Work instructions:
Through to the final line, write out the records below exactly, omitting any images they contain.

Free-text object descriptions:
******
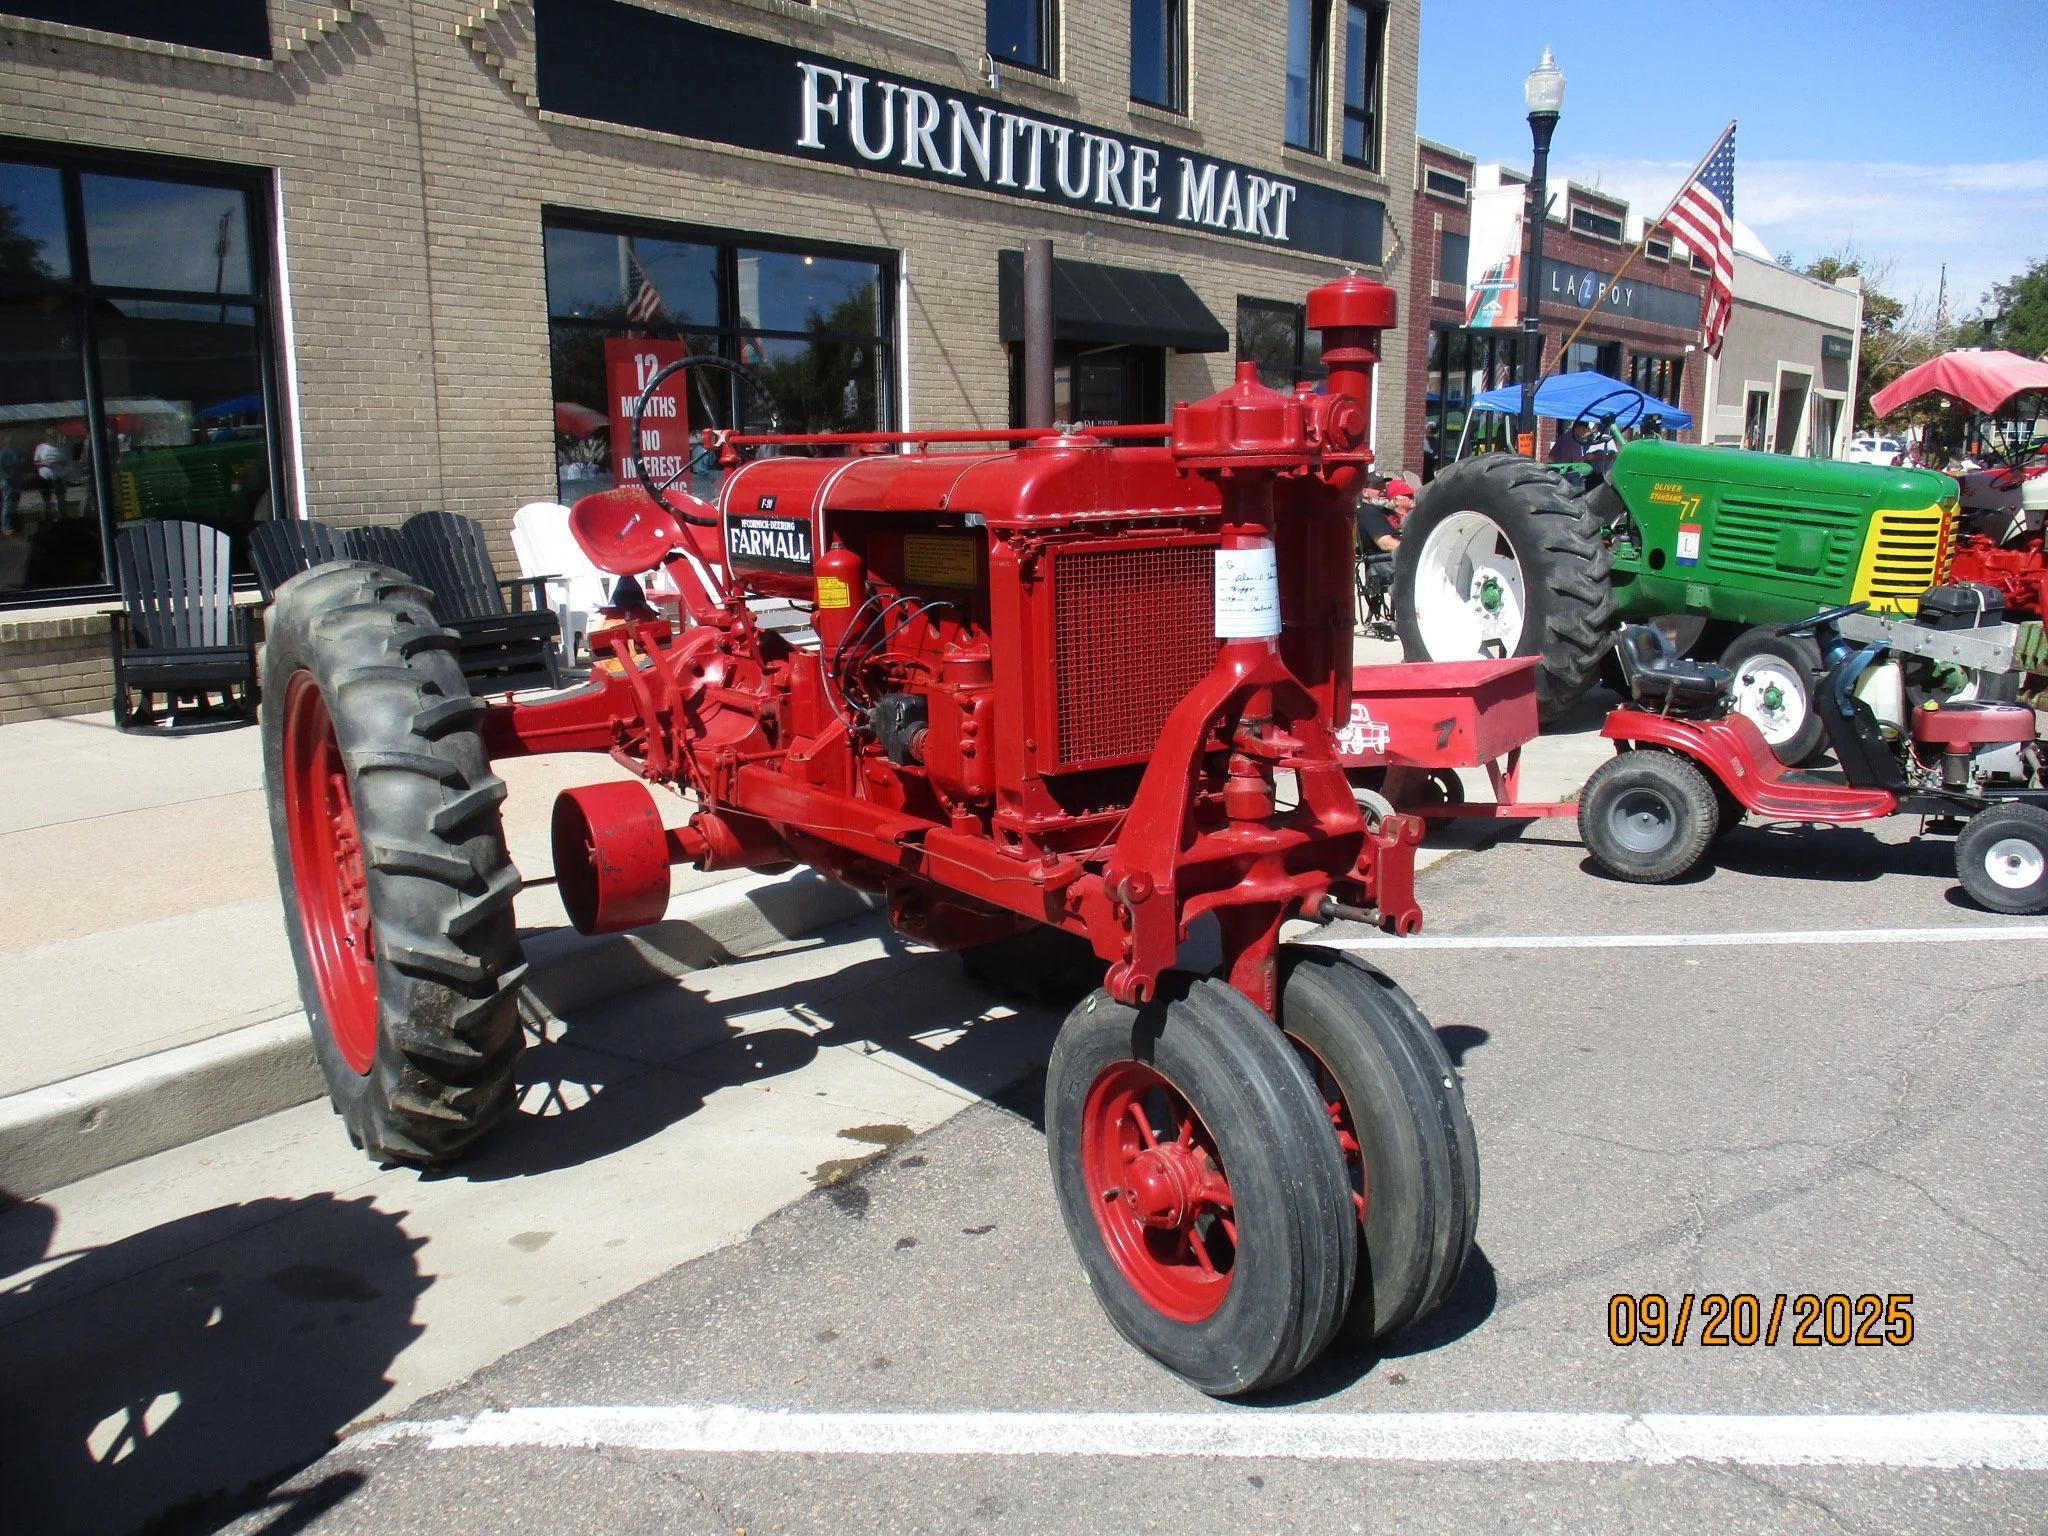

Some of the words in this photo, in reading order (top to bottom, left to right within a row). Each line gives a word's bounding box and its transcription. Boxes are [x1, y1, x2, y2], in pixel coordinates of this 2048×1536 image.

[796, 61, 1162, 214] FURNITURE
[1178, 156, 1296, 241] MART
[634, 353, 660, 391] 12
[641, 430, 661, 451] NO
[622, 456, 682, 479] INEREST
[1649, 493, 1682, 502] STANDARD
[1654, 483, 1682, 492] OLIVER
[1680, 497, 1701, 520] 77
[730, 528, 811, 561] FARMALL
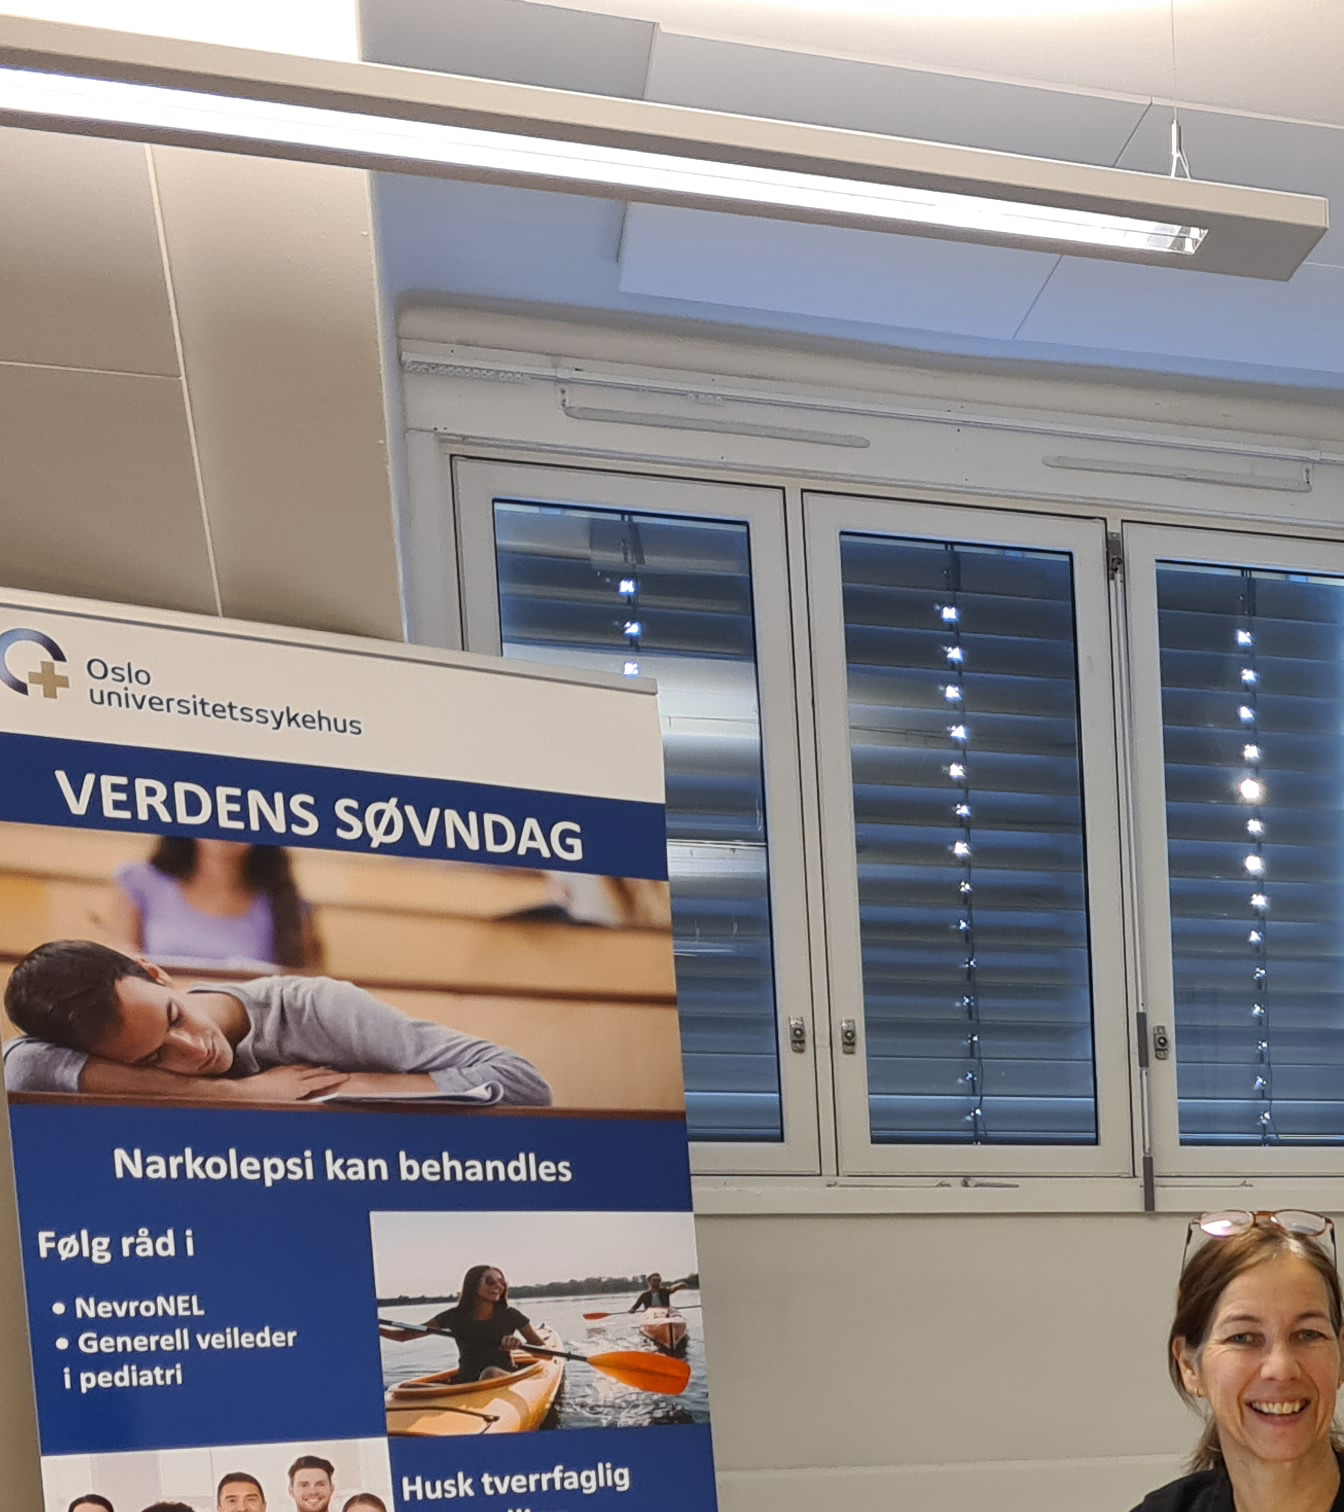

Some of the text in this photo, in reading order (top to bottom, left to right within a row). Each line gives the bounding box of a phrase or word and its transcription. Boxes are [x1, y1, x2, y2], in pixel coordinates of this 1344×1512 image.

[86, 658, 152, 686] Oslo
[89, 685, 362, 736] universitetssykehus
[53, 769, 584, 862] VERDENS SØVNDAG
[113, 1146, 572, 1188] Narkolepsi kan behandles
[38, 1227, 194, 1264] Følg råd i
[75, 1294, 205, 1319] NevroNEL
[78, 1325, 298, 1354] Generell veileder
[63, 1362, 183, 1394] i pediatri
[402, 1462, 630, 1502] Husk tverrfaglig
******
Finished exercise:
Some of the words in this photo, in reading order (top to bottom, left to right within a row). Each line gives a word's bounding box and its transcription. Boxes are [x1, y1, x2, y2], in pixel coordinates of this 2048×1536 image.

[796, 61, 1162, 214] FURNITURE
[1178, 156, 1296, 241] MART
[634, 353, 660, 391] 12
[641, 430, 661, 451] NO
[622, 456, 682, 479] INEREST
[1649, 493, 1682, 502] STANDARD
[1654, 483, 1682, 492] OLIVER
[1680, 497, 1701, 520] 77
[730, 528, 811, 561] FARMALL

Some of the text in this photo, in reading order (top to bottom, left to right within a row). Each line gives the bounding box of a phrase or word and its transcription. Boxes are [x1, y1, x2, y2], in pixel coordinates of this 1344×1512 image.

[86, 658, 152, 686] Oslo
[89, 685, 362, 736] universitetssykehus
[53, 769, 584, 862] VERDENS SØVNDAG
[113, 1146, 572, 1188] Narkolepsi kan behandles
[38, 1227, 194, 1264] Følg råd i
[75, 1294, 205, 1319] NevroNEL
[78, 1325, 298, 1354] Generell veileder
[63, 1362, 183, 1394] i pediatri
[402, 1462, 630, 1502] Husk tverrfaglig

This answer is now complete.